SD 画質と HD 画質について前回書きました。仮に HD 画質に手を出した場合に、避けて通れないのが AVCHD という用語です。
テープに記録するのが当たり前だった DV と、HD 画質の HDV
例えば、昔からある、DV は、テープに記録するものと決まっていて、ファイル単位で HDD に記録しデジタルビデオ編集するためには、どうにかして PC に読ませる必要がありました。例えば、カノープス (現トムソン・カノープス) の DVRaptor のようなビデオ編集ボードを使って PC にデータを読み込ませて、やっと Adobe Premiere などのソフトで編集できる状態になっていました。
DV は SD 画質時代のものと思われがちですが、実は規格自体は HD 画質でも記録できるようになっていました。しかし、データ量が大きくなってしまい扱いづらく、HDV という規格ができました。DV と同じ MiniDV テープに書けるのでコストパフォーマンス的には良いのですが、テープデバイスを無意識に避けてしまうのは私だけではないはずです。
AVCHD 規格を考える時に必要な 3つの要素
そこで、AVCHD は HD 画質のデータを記録するためにパナソニックとソニーが策定した動画記録フォーマットです…といったことが Wikipedia に書かれていますが、動画の規格は使われ方も含めて考えると、次の 3点を考える必要があります。
- 記録メディア … 物理的に「何」に記録してあるか。DV, HDV はテープオンリーですが、AVCHD では、DVD、Blu-Ray ディスク、HDD、メモリに書き込めます。
- コーデック … 映像と音声をどんな方法でデジタルデータ (符号) にするか。一般に MPEG-1, MPEG-2 などがありますが、AVCHD では H.264/MPEG-4 AVC です。
- ファイル名の拡張子 … メディアに 1~数本のファイルとして書き込むときの拡張子です。mpg (mpeg), avi などがありますが、AVCHD では .m2ts という拡張子になります。
高度なコーデック H264/MPEG-4 AVC は金食い虫
3 つの中では、コーデックというのが目で見える形にしにくいので分かりにくいですね。
動画データ (と静止画) は、カメラの「目」にあたるイメージセンサから取り込んだ生のデータをそのまま逐一記録してしまうと、情報量が巨大すぎて、テープや DVD などのメディアを何枚も消費してしまいます。そこで圧縮が行われます。

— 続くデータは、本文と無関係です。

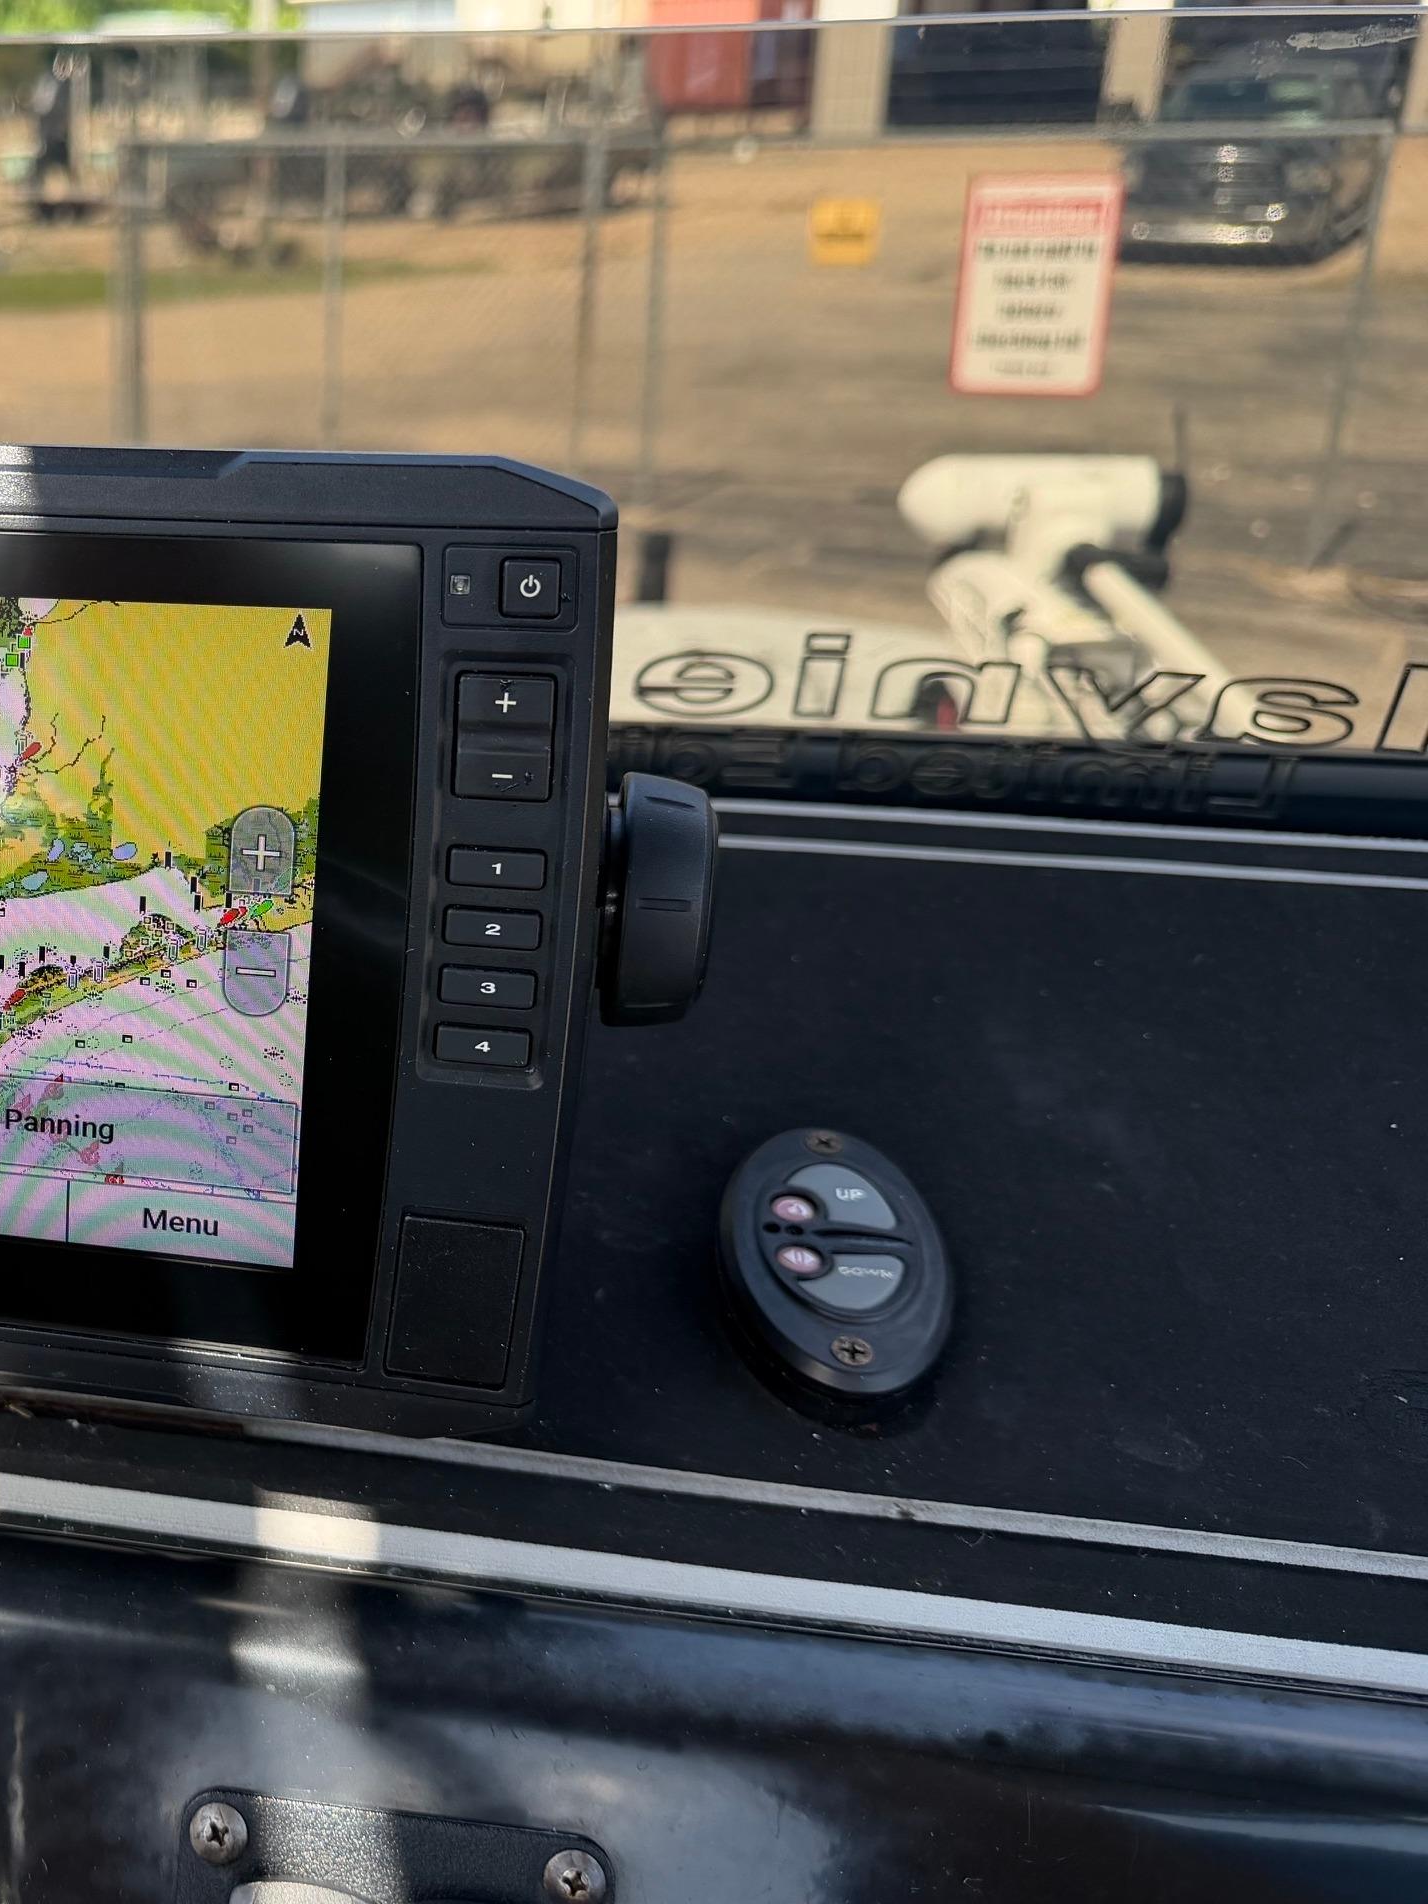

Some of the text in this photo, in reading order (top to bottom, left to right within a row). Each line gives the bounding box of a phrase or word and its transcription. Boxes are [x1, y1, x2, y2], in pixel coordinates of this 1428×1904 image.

[491, 863, 502, 875] 1
[485, 923, 501, 936] 2
[480, 982, 496, 994] 3
[474, 1040, 491, 1053] 4
[4, 1110, 116, 1144] Panning
[835, 1188, 865, 1201] UP
[141, 1207, 220, 1237] Menu
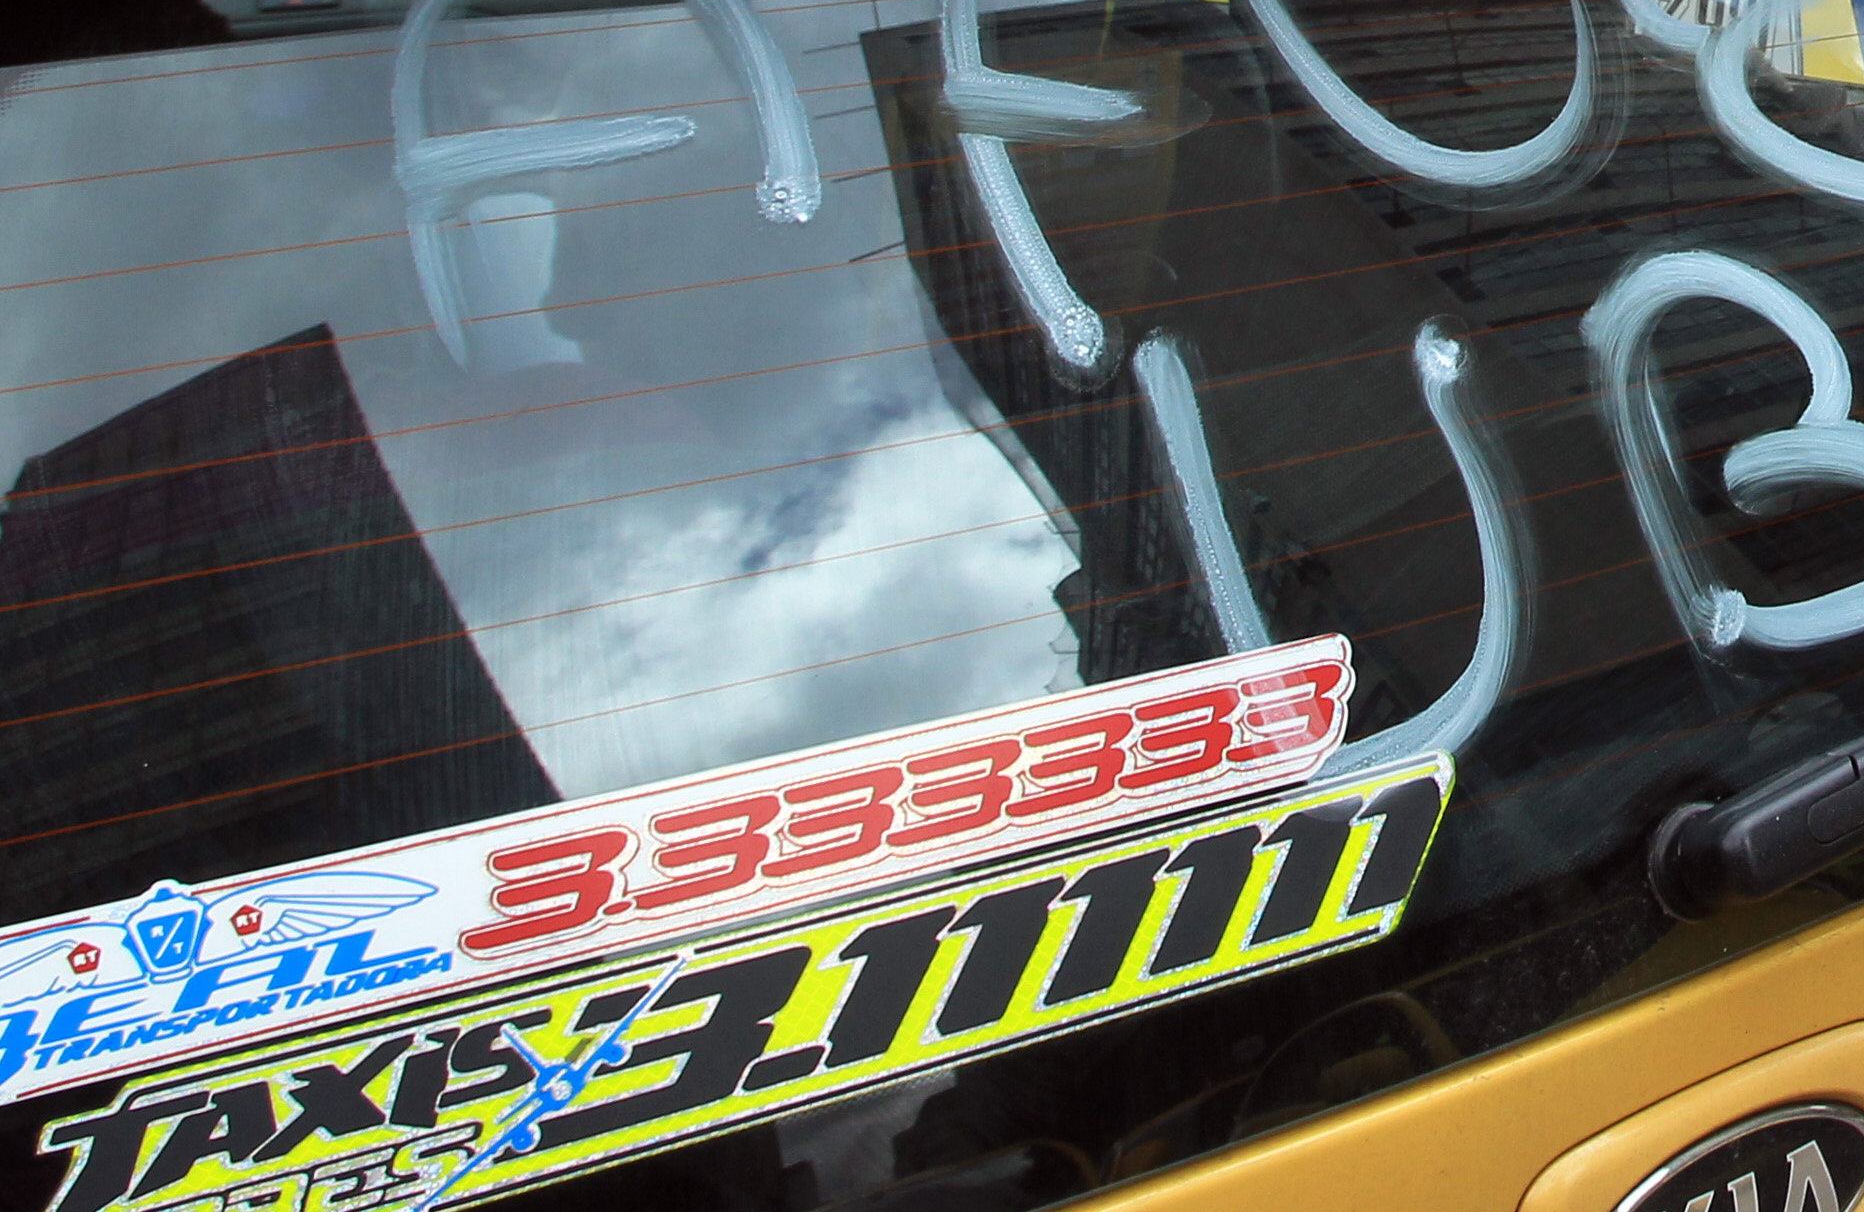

まず人の顔の静止画 1フレーム分を圧縮するとします。たとえば JPEG の場合、人間の目は、
- 輝度の変化には敏感だが色度の変化には鈍い
- 高周波成分には鈍い (狭い範囲で急激に変化するヤヤコシイ絵を見ても、捉えきれない)
という苦手分野があることを利用して、色の表現を丸めて省略したり、高周波成分をカットして捨てたりして、人間様の目で見破りにくい程度にデータを割愛して量を減らします。
さらに、動画になると、フレームどうしの圧縮を行います。動きが少ない背景は「前のフレームと一緒」とみなして以下省略し、人や物など移動している物体については、動きの特徴だけを記録したものが MPEG です。
コーデックは、こうした静止画 / 動画の圧縮手法 1そろい1セットに付けられた名前だと思って良いでしょう。 色々なコーデックがあり、MPEG シリーズの中では、MPEG-1, MPEG-2, MPEG-4 の順にだんだん圧縮方法が高度になり、映像/音声データをよりコンパクトに格納できるようになります。複雑なことをやっているわけで、PC で編集する際により高速な CPU、メモリなどが必要になっていきます。
そう、AVCHD は、Core 2 Duo 世代のハイエンド PC をもってしても「重い」ようです。
配るには時期尚早、アップするにも巨大すぎる AVCHD 動画
AVCHD の良い点は、HD 画質 = Blu-ray ディスクと決めつけずに、従来の DVD メディアにも書けるところにあります。メディアが DVD だったら、楽勝で HD 画質を人に渡して、友達の DVD プレイヤーで見てもらえるじゃん…と思いがちですが、そうではなく、AVCHD 対応のプレーヤーである必要があります。
さらに、もともとの動画の見せ方を考えると、Youtube や Soapbox など動画投稿サイトにアップしようとしたかったのでした。しかし、AVCHD で記録した膨大なデータをそのままアップしても送信時間がかかるので、結局、ビデオカメラ付属のツールで WMV もしくは MPEG-2 形式に変換し、せっかくの HD 画質をごっそり落とす必要があります。
配ることもできない、アップするにもデカい、となると、AVCHD で記録できるのは現状、自己満足に過ぎないんじゃないか…とも言えます。
とまあ下調べはこれくらいにして、あとは店頭で触ってみたフィーリングということで、実際に店頭で SD 画質のカメラと、HD 画質のものを見比べてみることにしました。